Courtesy Idaho Department of Water Resources
POCATELLO, Idaho — Idaho Water Resource Board Chairman Roger Chase is booked to address members of a congressional subcommittee on Oct. 4 about the state’s proactive and unique approach towards reversing decades of declining groundwater levels in the Eastern Snake Plain Aquifer.
Chase will speak to the Senate Energy and Natural Resources Subcommittee on Water regarding Idaho’s program of intentionally injecting surplus surface water into the aquifer, a practice known as managed recharge. The state has its own recharge water right, which avoids the need to buy water and keeps costs down.
“Really as people have looked at it, they’ve found our recharge program is probably one of the best in the nation,” Chase said.
Chase, who will be among a small group of Western leaders presenting on their recharge efforts, said he also plans to suggest measures the federal government should take to help Idaho’s program remain successful. He’ll ask Congress to approve language that would give the state greater flexibility to wave a requirement that Upper Snake canals remain closed for at least 150 days following the irrigation season to build up Palisades Reservoir levels. The change would help accommodate upper valley recharge using spring flood-control releases. Chase will also request additional language facilitating recharge partnerships between the state, the Bureau of Reclamation and the Bureau of Land Management.
Sen. Jim Risch, R-Idaho, serves on the subcommittee.
“Less federal regulation and more common sense with regards to state water rights need to be pursued,” subcommittee member Sen. Jim Risch, R-Idaho, said via email.
Thanks to an especially wet winter, Idaho recharged more than 315,000 acre-feet of water during the 2016-2017 recharge season, under the state’s water right. Private entities recharged another 140,000 acre-feet. Furthermore, Idaho groundwater users have agreed to cut their well irrigation by a combined 240,000 acre-feet per year to help build the aquifer, under terms of a water call settlement, and the state has had a moratorium on new well development within the aquifer for several years.
Idaho, which recharges mostly through unlined canals and adjacent spill basins, is investing millions to build up its recharge capacity but has also capitalized on the existing infrastructure of canal companies, who receive fees to open their systems to the state’s water.
“One of the things we’re going to talk to Congress about is the fact that we’re using existing infrastructure, which saves us millions and millions of dollars,” Chase said.

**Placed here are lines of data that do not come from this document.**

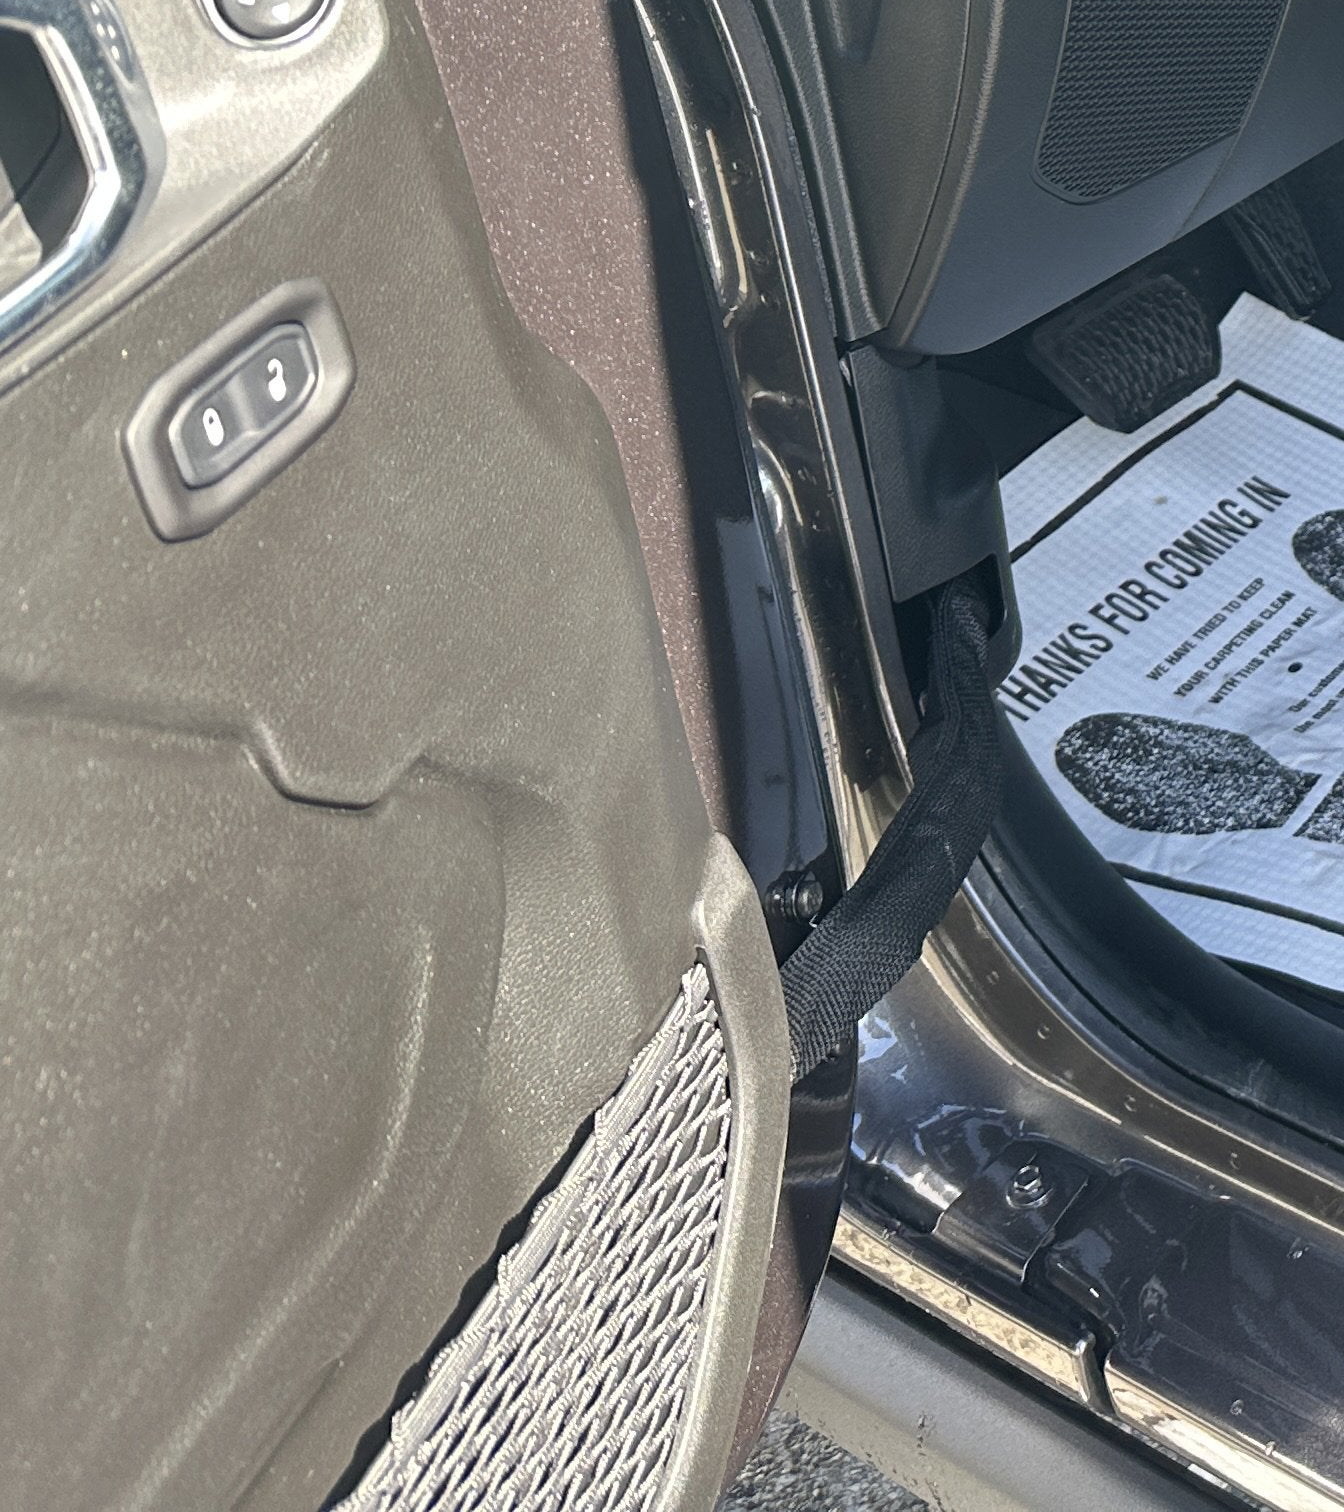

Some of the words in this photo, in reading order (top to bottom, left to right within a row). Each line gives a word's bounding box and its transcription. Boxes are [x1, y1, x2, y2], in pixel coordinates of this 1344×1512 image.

[1088, 578, 1170, 635] FOR
[1144, 498, 1263, 589] COMING
[1236, 475, 1291, 513] IN
[1146, 663, 1170, 681] WE
[1164, 640, 1197, 665] HAVE
[1192, 613, 1227, 640] TRIED
[1221, 600, 1241, 613] TO
[1237, 577, 1265, 601] KEEP
[1173, 669, 1209, 697] YOUR
[1204, 619, 1264, 670] CARPETING
[1259, 590, 1296, 620] CLEAN
[1208, 677, 1241, 704] WITH
[1234, 657, 1264, 678] THIS
[1259, 627, 1297, 658] PAPER
[1291, 606, 1317, 628] MAT
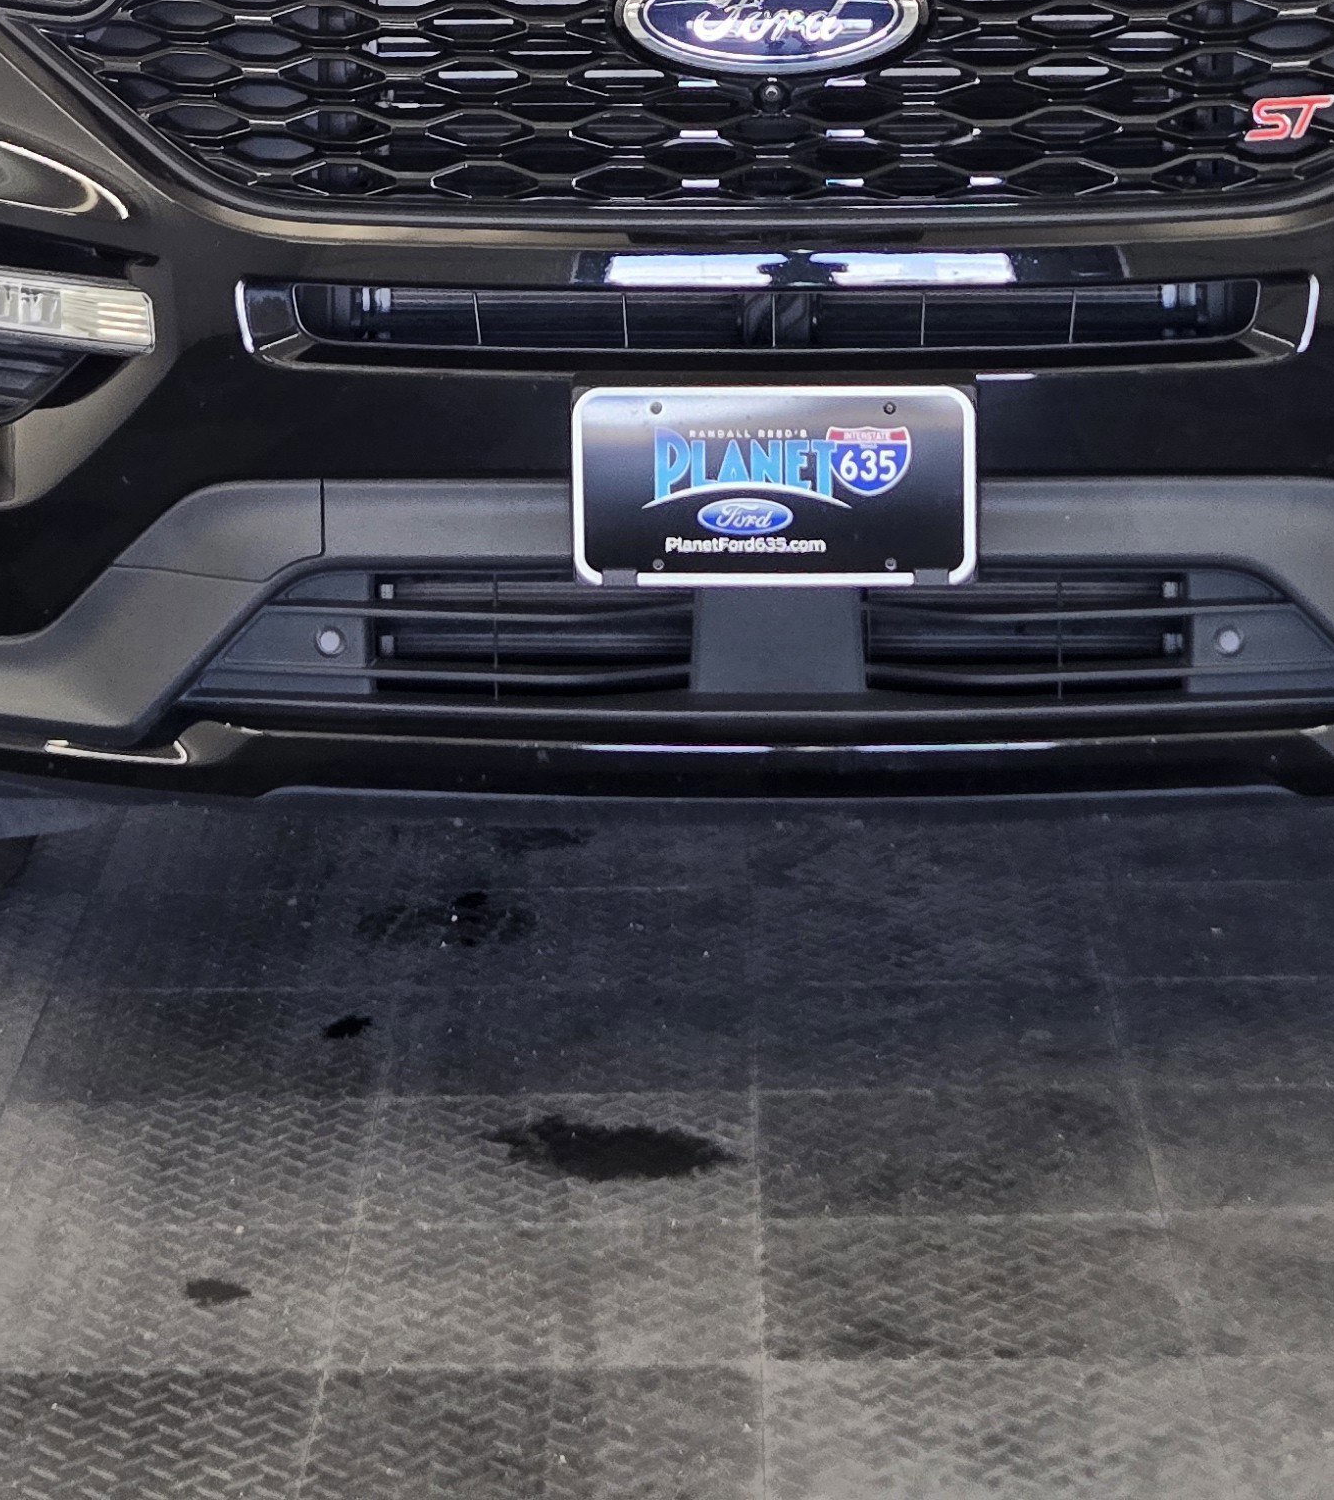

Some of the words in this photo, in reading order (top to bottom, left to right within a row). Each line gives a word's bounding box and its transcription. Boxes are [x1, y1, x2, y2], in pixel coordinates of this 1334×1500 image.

[654, 427, 837, 500] PLANET
[840, 449, 897, 481] 635
[715, 503, 773, 528] Ford
[665, 536, 827, 553] PlanetFord635.com

Chase is optimistic that planned infrastructure upgrades will allow the state to increase its recharge capacity by 50 to 100 percent within the next year. He said Idaho plans to soon expand its recharge program into the Treasure Valley and Northern Idaho.
The state’s recharge coordinator, Wes Hipke, was involved for years in running Arizona’s recharge program. Hipke said Arizona and Idaho have the two most significant recharge programs in the U.S., and Idaho is unique in that its program aims to build up the aquifer solely for the public good, rather than to mitigate for a specific impact or as the basis for a private credit system.
Jerry Rigby, chairman of the Western States Water Council, said members of his organization are also closely following Idaho’s efforts and have invited Idaho Department of Water Resources Deputy Director Mat Weaver to speak during their October meeting in New Mexico.
“We’ve been telling them what we’ve been doing with recharge, and all of the Western states are saying, ‘We’re interested in that. Tell us how you’re doing it,’” Rigby said.